Daily Journal editorial pounds on Chris McDaniel’s stance on federal education funding #tcot #mssen

By: Magnolia Tribune - April 23, 2014

OUR OPINION: Cutting federal school funding not realistic

Schools have enough problems dealing with chronic state underfunding, with the Legislature having met the legal requirement for support of the Mississippi Adequate Education Program only twice in this century.

But U.S. Senate candidate Chris McDaniel doesn’t believe the federal government should spend any money at all on education. He’s said on the campaign trail recently that the U.S. Department of Education is unconstitutional and he’d vote to abolish it.

The second-term state senator from Jones County, in doing away with federal education funding, would cut out about $800 million of the $3.3 billion spent on Mississippi’s K-12 public schools in the last year. That’s nearly a quarter of the total.

The consequences would be devastating, of course. McDaniel shrugs off the implications, saying that if Mississippi was “allowed to keep more of its tax revenue, (it) could offset those losses.”

That’s wishful thinking, to put it mildly. How could Mississippi possibly make up $800 million annually when it doesn’t even do what the law requires with state funding as it is?

This doesn’t even speak to the federal funds for education that come to Mississippi’s community colleges and universities.
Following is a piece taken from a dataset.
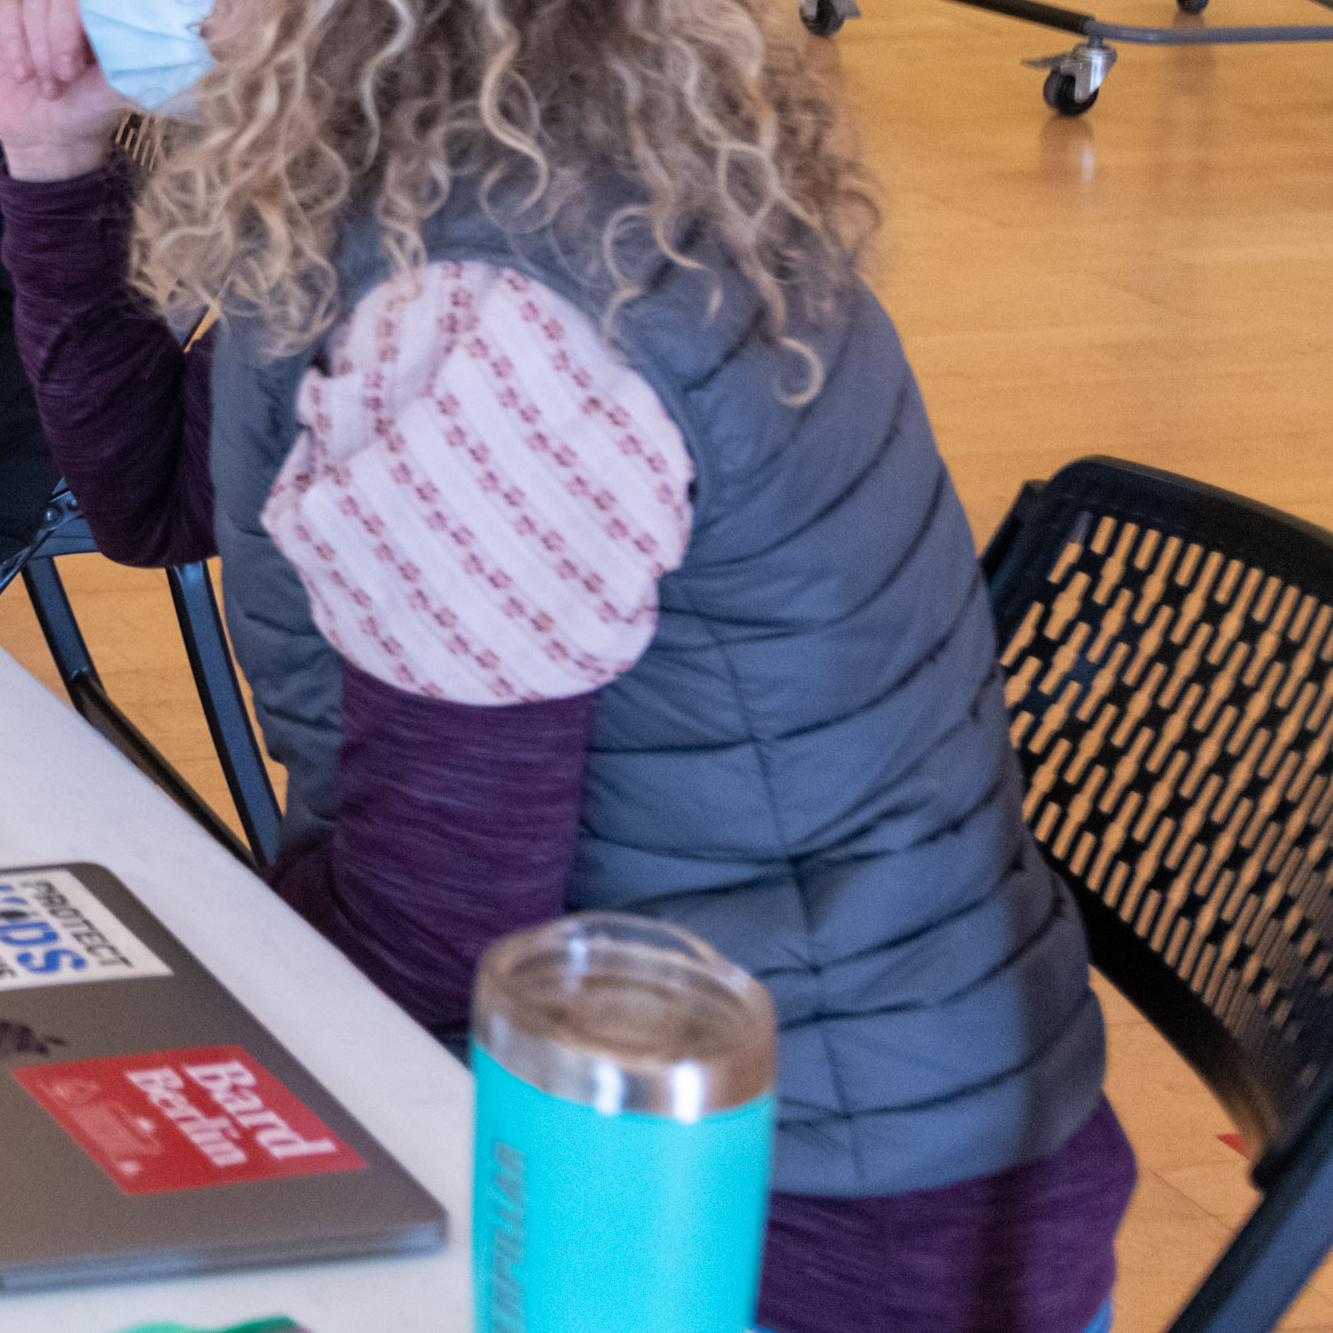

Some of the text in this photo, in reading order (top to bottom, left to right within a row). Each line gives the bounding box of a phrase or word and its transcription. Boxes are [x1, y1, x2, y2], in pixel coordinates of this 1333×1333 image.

[22, 879, 133, 968] PROTECT
[126, 1066, 249, 1167] Berlin
[184, 1060, 339, 1160] Bard
McDaniel has been critical of the man he is challenging in the June 3 Republican primary, Sen. Thad Cochran, for channeling federal funds to Mississippi State University, the University of Mississippi and other institutions in the state. The programs those congressionally directed appropriations – earmarks, in the Capitol nomenclature – have been significant in keeping Mississippi’s higher education system competitive.

Mississippi historically has been the state that receives, per capita, the greatest infusion of federal funds compared to taxes paid. The connection between Mississippi’s status as the nation’s poorest state and its need for those federal dollars is obvious.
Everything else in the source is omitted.